Sharma’s credentials certainly qualify him to write such a book. The Birks Professor of Comparative Religion at McGill’s Faculty of Religious Studies, Sharma uses his specialization in Hinduism as a bridge to much more general topics, including religion and feminism and religion and human rights. He is the author of One Religion Too Many: The Religiously Comparative Reflections of a Comparatively Religious Hindu (2011). The book is Sharma’s spiritual autobiography, a chalk full of wry observations about growing up a Hindu and encountering other religious traditions along life’s way. After the Gandhian fashion of marrying faith to social activism, Sharma has also convened two international conferences looking at religion and human rights: World’s Religion after September 11 in 2006 and the Second Global Conference on World’s Religion after September 11 in 2011. A third and final conference is now in the works for the second half of 2016.

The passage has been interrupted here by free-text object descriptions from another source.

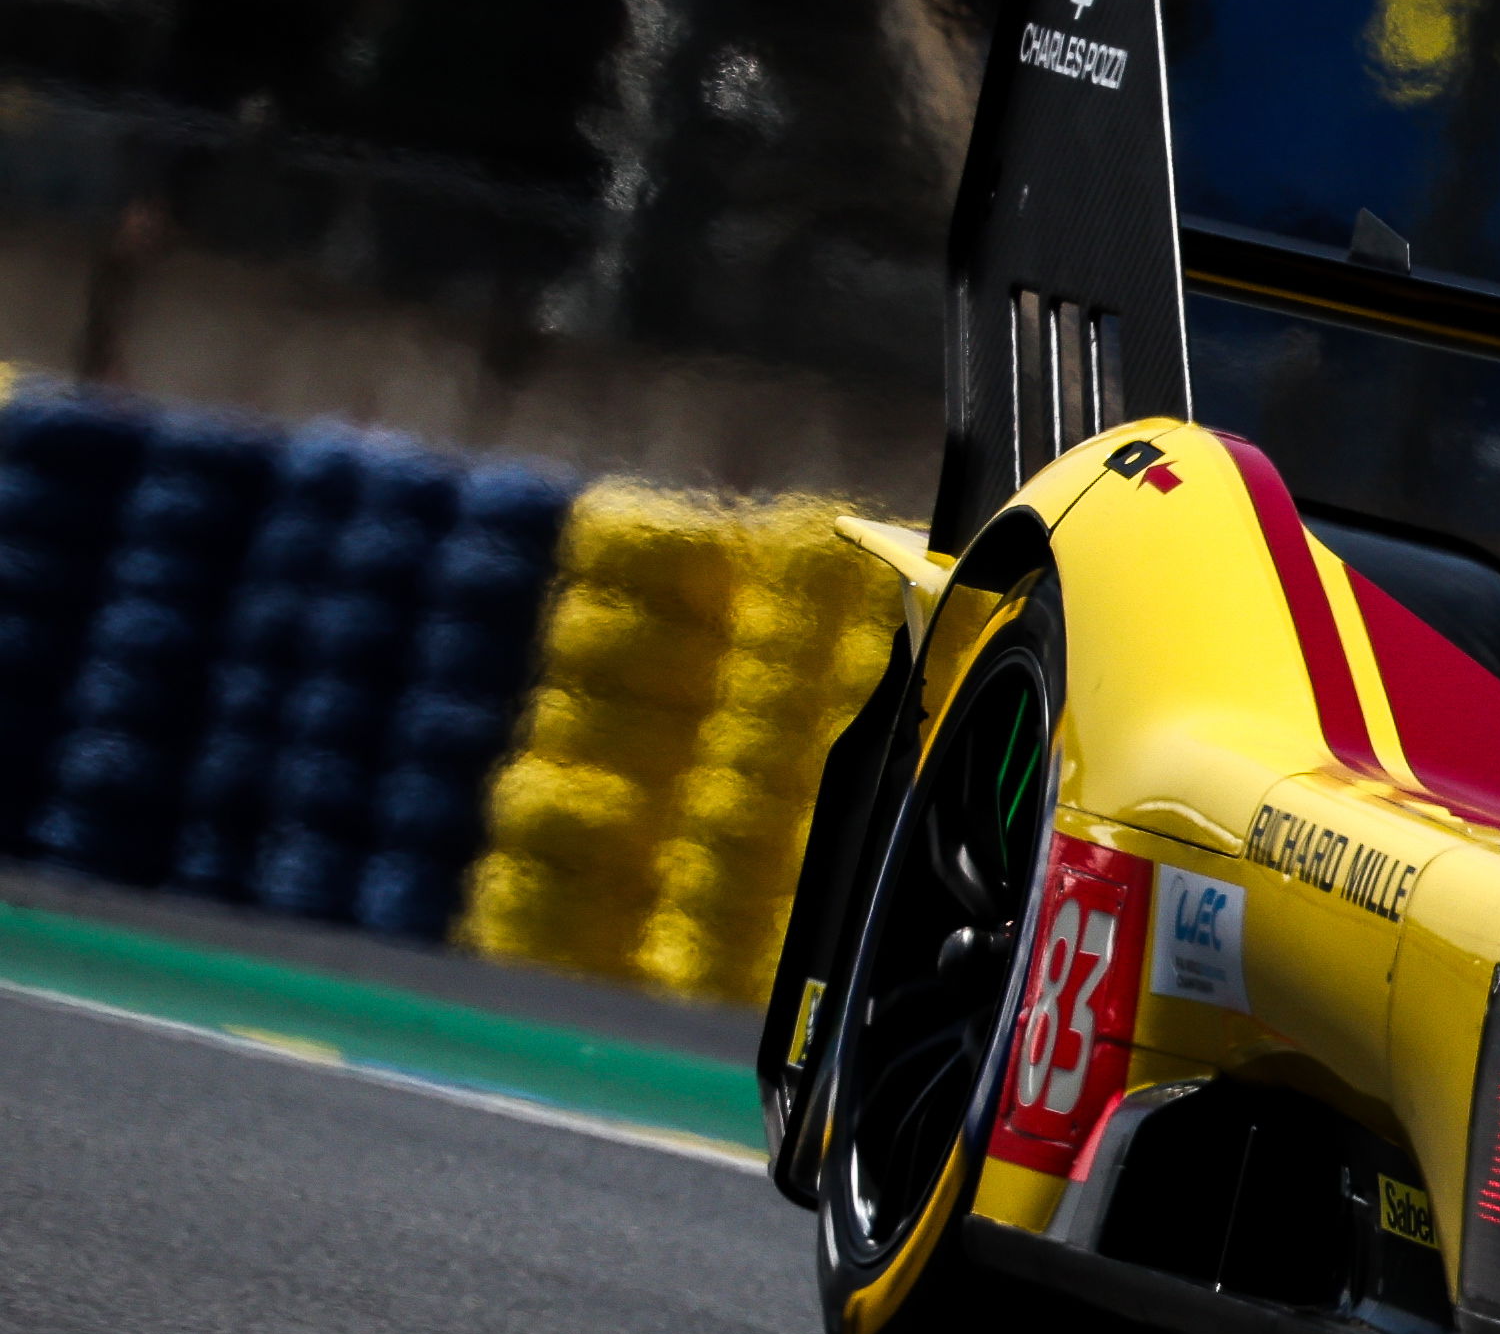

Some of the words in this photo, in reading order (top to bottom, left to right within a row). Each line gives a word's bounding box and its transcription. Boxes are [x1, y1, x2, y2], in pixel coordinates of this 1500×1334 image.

[1019, 22, 1086, 78] CHARLES
[1081, 41, 1128, 89] POZZI
[1246, 804, 1349, 894] RICHARD
[1340, 842, 1417, 923] MILLE
[1017, 897, 1117, 1115] 83
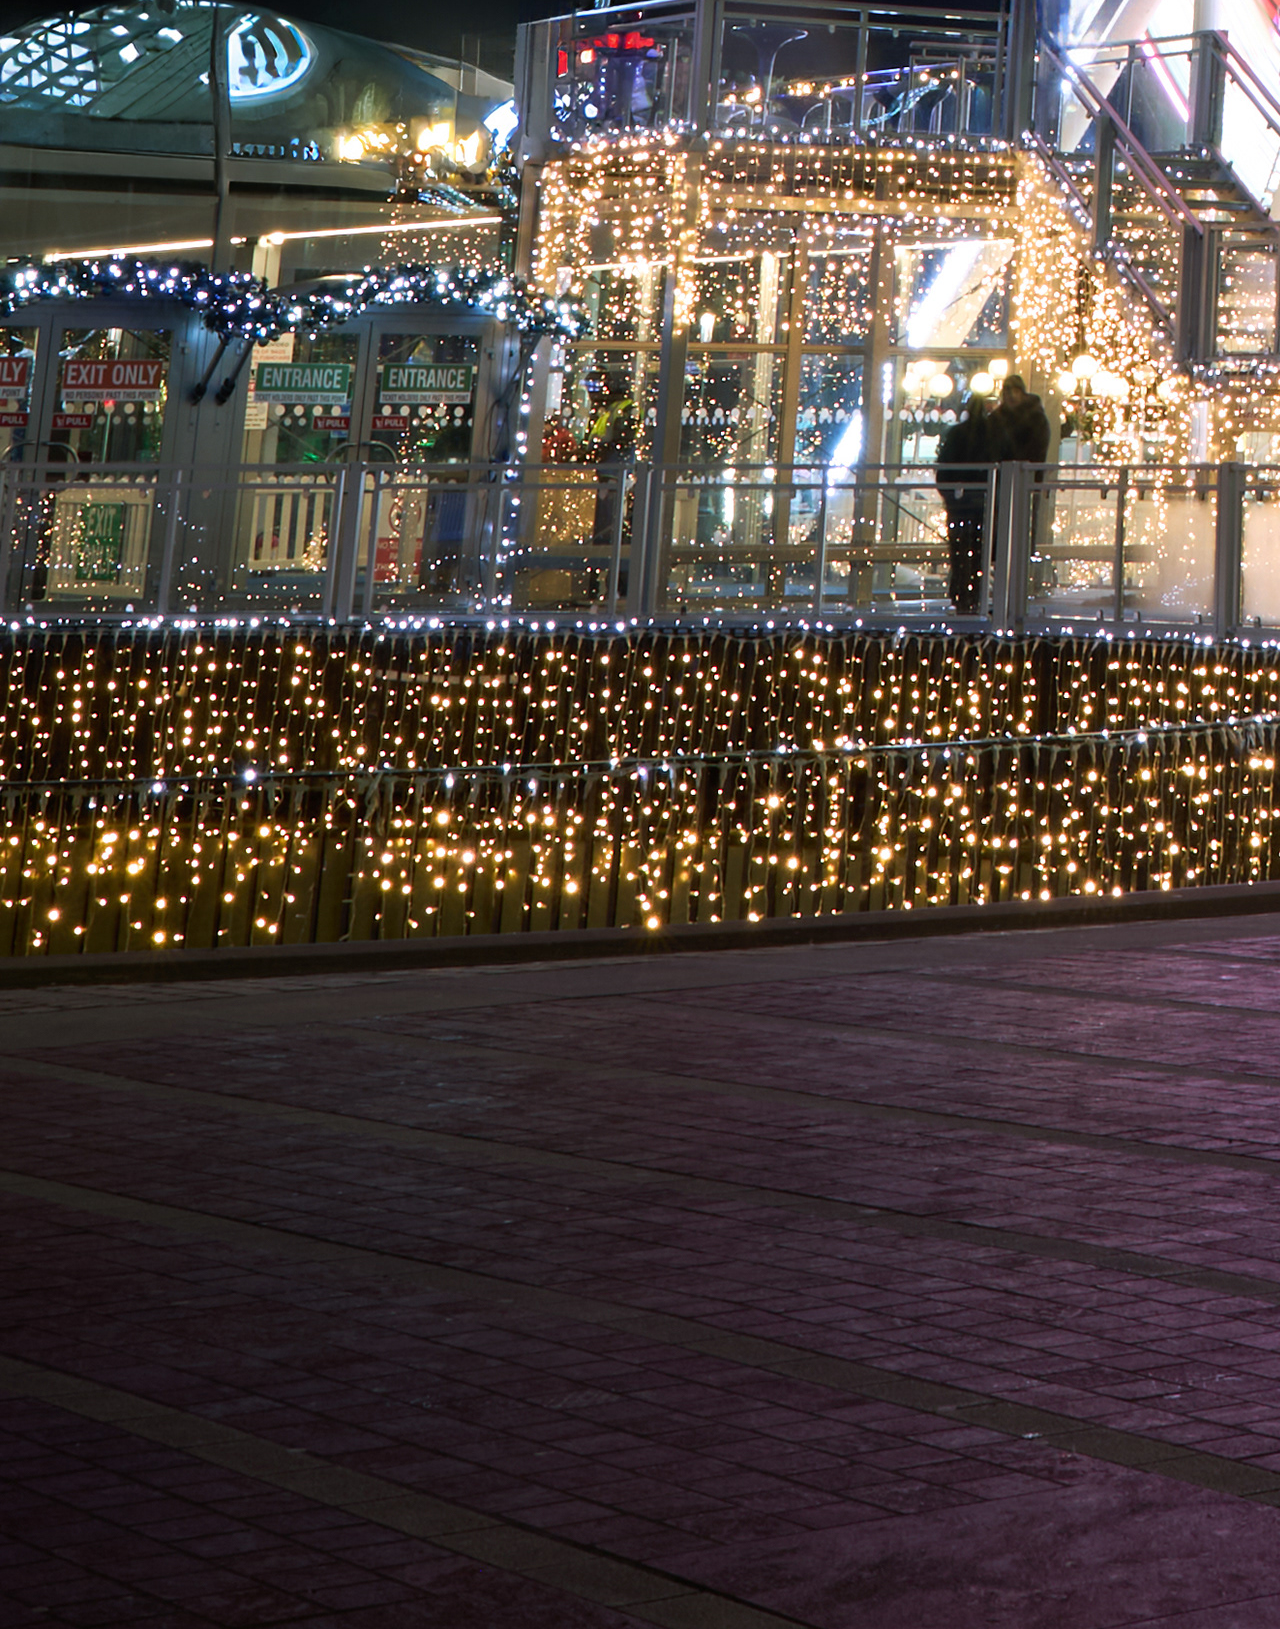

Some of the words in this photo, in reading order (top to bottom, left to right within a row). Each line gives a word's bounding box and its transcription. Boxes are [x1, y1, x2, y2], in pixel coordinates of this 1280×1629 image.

Every one of Gandhi’s biographers must confront the question about the source of his power to inspire. The ends of spiritual biography, Sharma’s argument runs, are much more appropriate to Gandhi’s fundamental motivations than are other sorts of biography. It goes to the heart of the matter, so to speak, to the place where word intersects with deed. ‘Gandhi’s claim was made upon our conscience; he demonstrated that spirituality is to be found at the core of our humanity.’

Sharma’s discussion is lively. At points, even if a little dialectical and didactic, the prose dances off the page into the reader’s imagination. Spiritual biographers risk falling into hagiography, but Sharma demythologizes Gandhi in order to preserve his saintliness. Gandhi demythologized himself, Sharma points out, by attributing his larger-than-life accomplishments to God. If he was a saint, his saintliness was in part due to his willingness to own the flaws of his character. Sharma examines a number of them in the course of the book.

Which God did Gandhi serve precisely? Good Aristotelians the lot of us, we may argue over the specific nature and attributes of the divine majesty—or whether it makes sense to speak of God existing or as existent. Whether, in our intensely analytic moments, we master our language or it masters us remains to be seen. We also stand to miss the point, was the point I took away from the Sharma’s book. Gandhi died with three bullets in his chest and the name Rama on his lips. He identified Rama with Truth, wherever it may be found, but especially through introspection and selfless service.

God as Rama as Truth could never be a mere propositional statement. The reality of God must be lived in order to be known. The insistence on identifying word and deed, Sharma points out, led Gandhi to his death. He was assassinated because he insisted India fulfill promises of a third payment to Pakistan because India had given its word. The fact the two countries were then at war could not change his mind. Gandhi took it upon himself to see the promise fulfilled; the name Rama on his lips, his final gesture was one of forgiveness to his executioner.

Gandhi: A Spiritual Biography divides neatly in half. The first half treats significant episodes in Gandhi’s life. The second looks at significant themes in his thought. The book does not propose to be an exhaustive study, though it most certainly qualifies as an illuminating and instructive one. The author may be forgiven, therefore, if readers find themselves wondering how Gandhi got from a point A to a point B, or what motivated him to make the move. The scarcity of this sort of information is easily compensated by the depth of Sharma’s treatment of Gandhi’s psyche: his thoughts on sex and celibacy, British imperialism, his own spiritual heritage, and the caste system are just a few of the topics he covers.

The book draws me to one conclusion: other modes of biographical writing aside, a spiritual biography on the life of Mahatma Gandhi cannot fail to testify to God. Absent the divine majesty, Gandhi’s intentions no purpose, his actions had no end, his thoughts and no object. Absent God there could be no Mahatma.